▶ [Exercise brief]
Each line below needs to be returned exactly. Skip any picture.

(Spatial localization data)

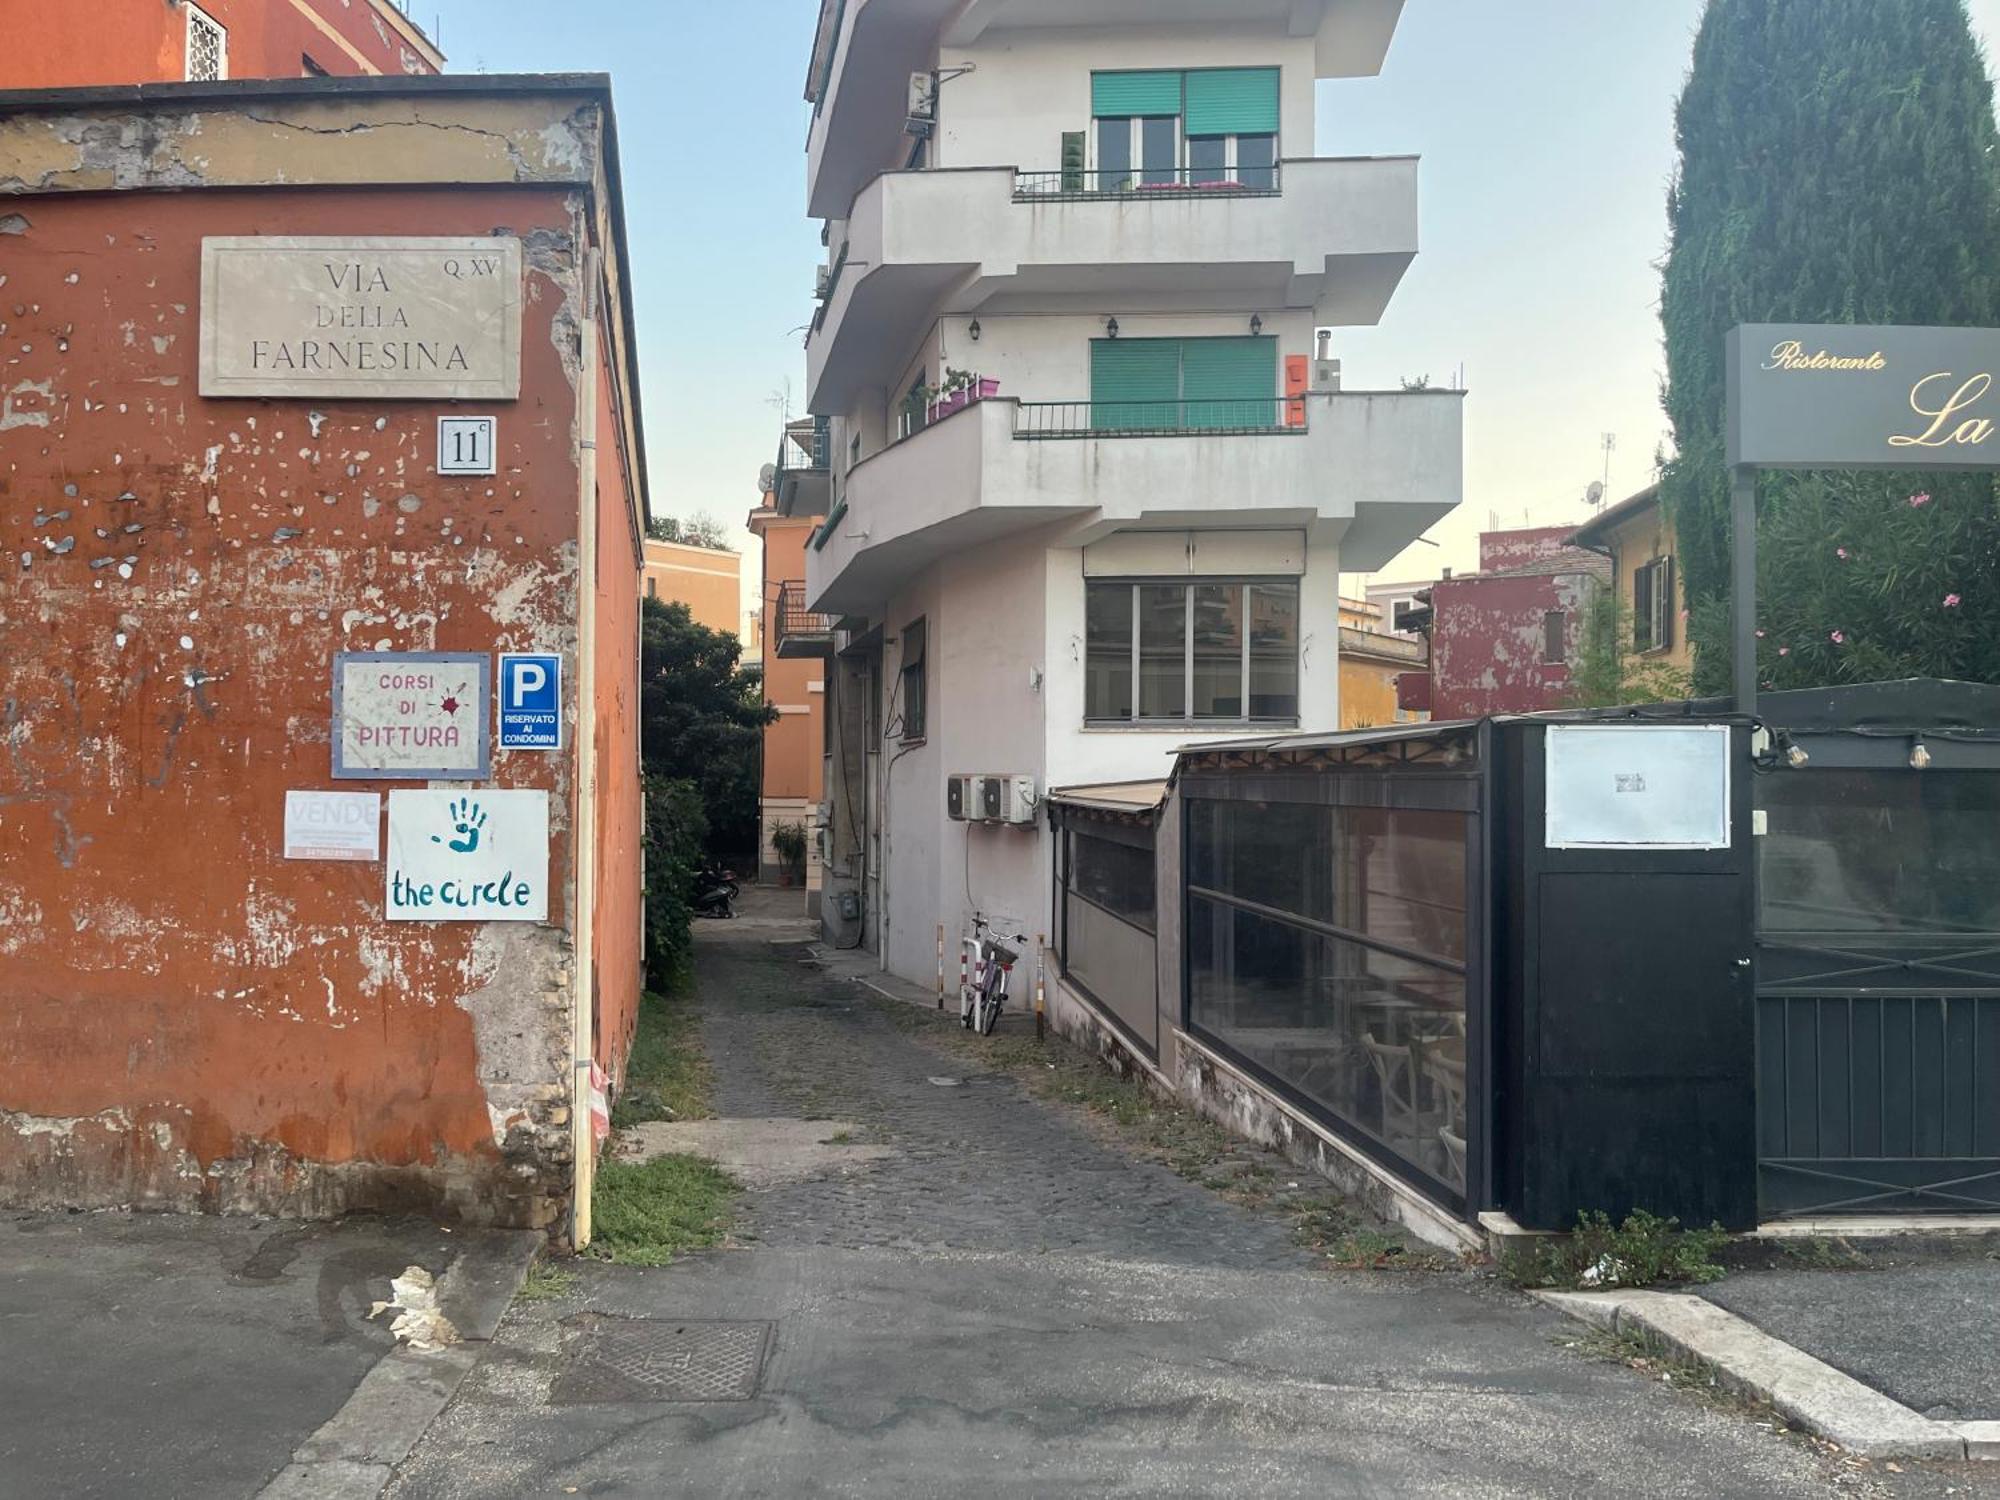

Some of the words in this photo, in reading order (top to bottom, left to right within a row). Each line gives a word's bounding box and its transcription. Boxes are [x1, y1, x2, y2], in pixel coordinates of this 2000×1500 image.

[471, 259, 498, 275] XV
[323, 264, 391, 292] VIA
[315, 306, 409, 328] DELLA
[252, 341, 470, 370] FARNESINA
[1760, 340, 1887, 371] Ristorante
[1887, 372, 1995, 446] La
[379, 674, 434, 690] CORSI
[513, 663, 546, 707] P
[400, 701, 416, 715] DI
[504, 714, 556, 724] RISERVATO
[523, 724, 533, 733] AI
[359, 726, 459, 747] PITTURA
[504, 734, 556, 744] CONDOMINI
[391, 870, 433, 907] the
[439, 870, 531, 907] circle
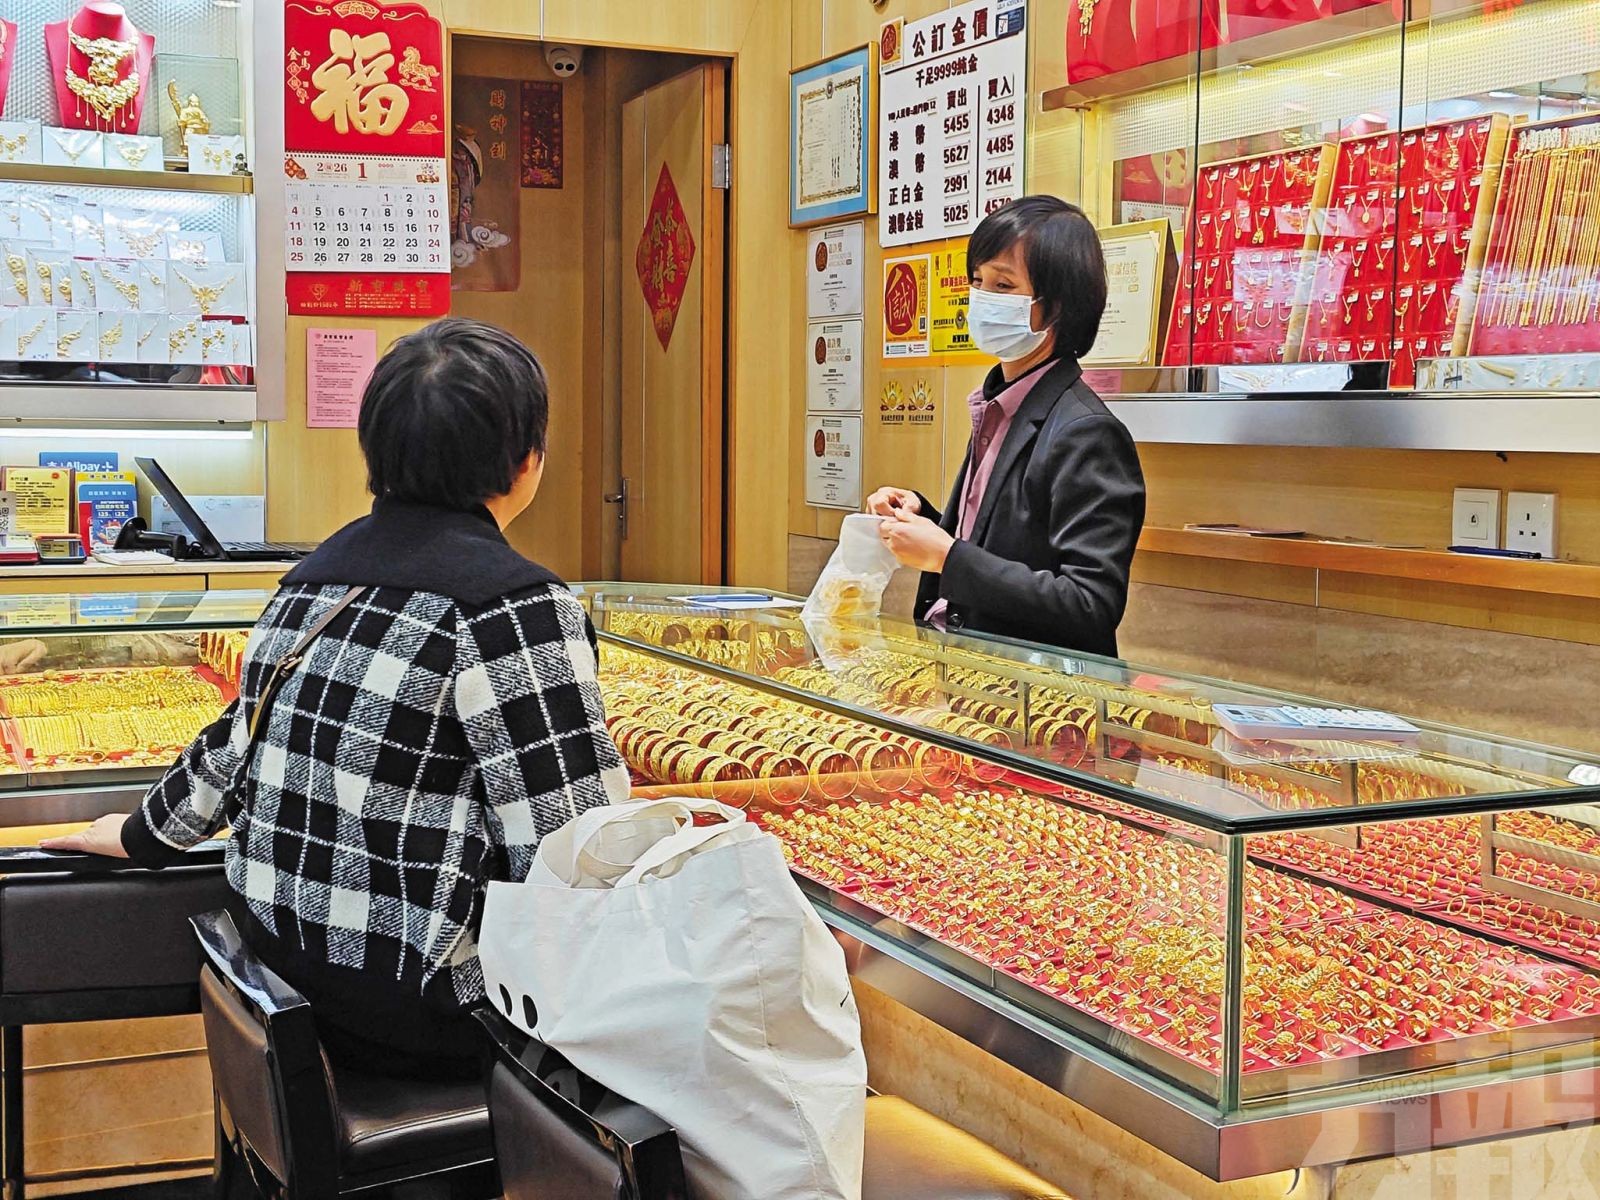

▶ [Written answer]
Some of the words in this photo, in reading order (top to bottom, left to right within a row). Each line gives a word's bounding box and its transcription. Boxes are [x1, y1, x2, y2], in pixel coordinates of this 2000×1500 image.

[471, 259, 498, 275] XV
[323, 264, 391, 292] VIA
[315, 306, 409, 328] DELLA
[252, 341, 470, 370] FARNESINA
[1760, 340, 1887, 371] Ristorante
[1887, 372, 1995, 446] La
[379, 674, 434, 690] CORSI
[513, 663, 546, 707] P
[400, 701, 416, 715] DI
[504, 714, 556, 724] RISERVATO
[523, 724, 533, 733] AI
[359, 726, 459, 747] PITTURA
[504, 734, 556, 744] CONDOMINI
[391, 870, 433, 907] the
[439, 870, 531, 907] circle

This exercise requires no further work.